Der See steht unter Strom
Punktlandung eines kleinen Aliens: die zweite Nacht des ausverkauften Urban Art Forms Festivals am Schwarzlsee mit Skrillex, Paul Kalkbrenner und Peaches.

Foto © SABINE HOFFMANNSkrillex' Bühnenshow von hinten (links) und von ganz vorne (rechts oben). Darunter: Paul Kalkbrenner und Peaches
Auch so können Superstars von heute aussehen: Glatze, schlichtes, schwarzes T-Shirt, konzentriert am Laptop stehend - Paul Kalkbrenner wirkt bei seinem Live-Set wie das genaue Gegenteil seiner Fans, die sich die Seele aus dem Leib tanzen. Zwanzig Jahre lang ist der Berliner schon in der Techno-Szene als DJ, später auch Produzent aktiv, vor zwei Jahren wurde er zum Superstar. 107 Wochen hielt sich die mit seinem Bruder Fritz Kalkbrenner (der ebenfalls in Unterpremstätten auftrat) aufgenommene Single "Sky and Sand" in den deutschen Charts, seitdem tritt er selten vor weniger als 10.000 Besuchern auf. Viele tragen Fanshirts mit dem Aufdruck "Paul Kalkbrenner" weiß auf Schwarz. Auf der Bühne hinter ihm ist das Logo "PK" zu sehen, ungefähr fünf Mal so groß wie der Berliner selbst. Die Trademark funktioniert, und Kalkbrenners feiner, unaufgeregter Techno, der ohne Effekthaschereien auskommt, ebenfalls. Ziemlich sympathisch irgendwie.
Wob-Wob-Wunderkind
Kalkbrenners Nachfolger im Hauptabendprogramm kann dafür mit Effekten offenbar einiges anfangen. Skrillex, der Dubstep-Superhype aus Los Angeles, setzt mit seinem Raumschiff zur Landung an und bildet so etwas wie die Antithese zu Kalkbrenner. Er ist laut, rüde - amerikanisch, wenn man so will. Das "Wob-Wob-Wunderkind", über dessen Auftritte sein Mentor Deadmau5 kürzlich im "Rolling Stone" verriet: "Er hat einen Laptop und einen MIDI-Recorder und spielt einfach sein Zeug", peppt seine Show mit aufwendigem Bühnenaufbau und vielen Nebel- und Lichteffekten auf. Was er dahinter so werkt, interessiert im enthusiastischen Publikum allerdings auch niemanden. Die Arbeit eines Elektronik-Musikers findet lange vor dem Konzert statt: Am Abend wird gefeiert - vom ersten Skrillex-Gekreische bis zum sämtliche elektronische Emotionen durchspielenden und schließlich sanft ins mitternächtliche Gelände ausklingenden Hit "Scary Monsters and Nice Sprites". Punktlandung für Skrillex, den kleinen Alien.

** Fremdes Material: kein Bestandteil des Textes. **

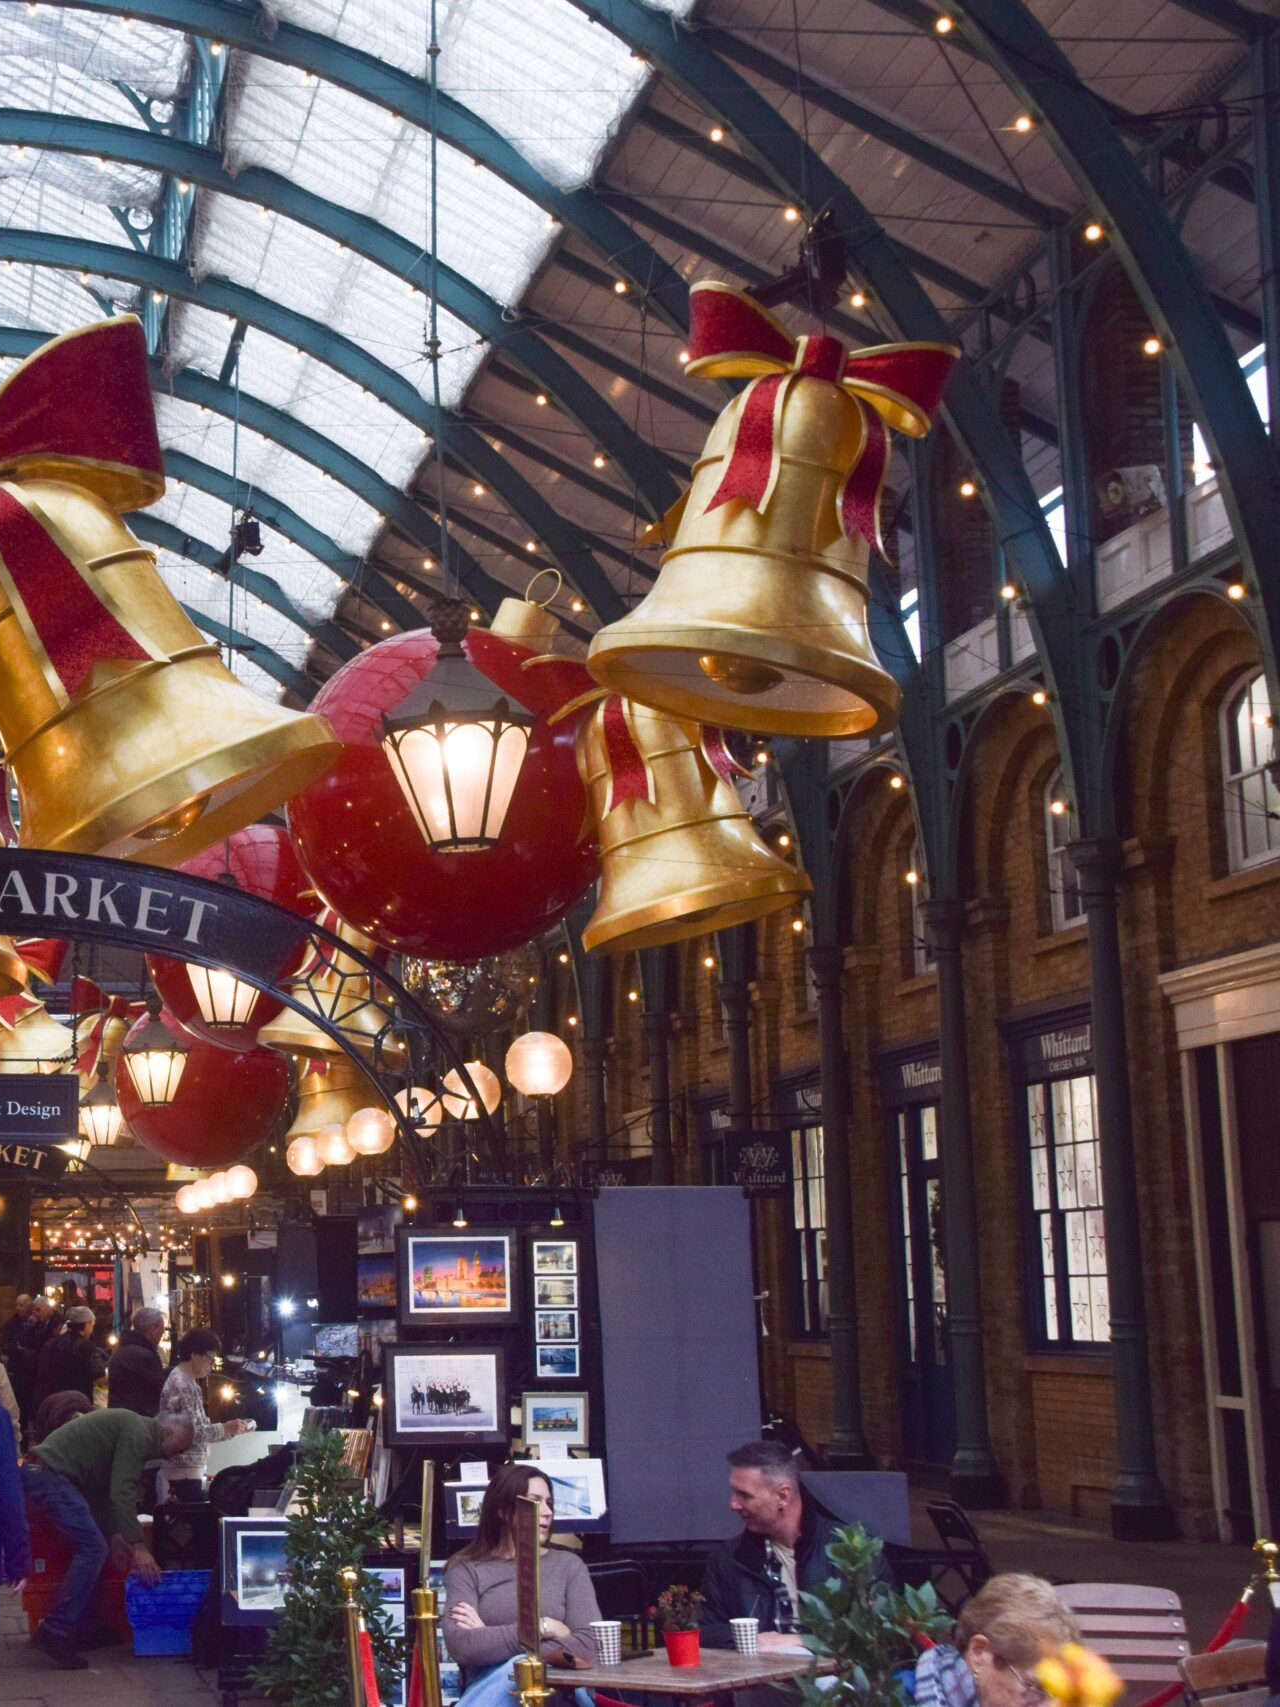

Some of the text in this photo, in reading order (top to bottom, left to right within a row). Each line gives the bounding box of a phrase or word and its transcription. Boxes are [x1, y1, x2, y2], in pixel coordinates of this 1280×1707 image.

Ein weiterer völlig gegensätzlicher Zugang zu elektronischer Musik: Auf der kleinen RBMA-Seebühne gab gleichzeitig die großartige Peaches eine Audienz. Dreckiger, anzüglicher Elektrotrash, im Gegensatz zur Ankündigung durchaus live und nicht in einem DJ-Set dargeboten. Dem dünnen Frauenaufgebot im Lineup hatte sie nicht nur ihre starke Performance entgegenzusetzen - kostümiert als Fruchtbarkeits- (oder Furchtbarkeits-?) Göttin mit Barbieköpfen als Nippel ihrer vielen Kunst-Brüste.
Heiraten oder Sport
Für eine laaange Nacht sorgten Star-DJs wie Stephan Bodzin, Umek, Andy C und Noisia, die auf den beiden Indoor-Bühnen bis sechs Uhr morgens auflegten. Und für ganz und gar nicht langweilige Nachmittage ist auch gesorgt, mit Paddeln, Skaten und Wakeboarding. Unsportliche können vor den "Braualtar" einer Bierfirma treten. Oder vielleicht auch einfach einmal schlafen.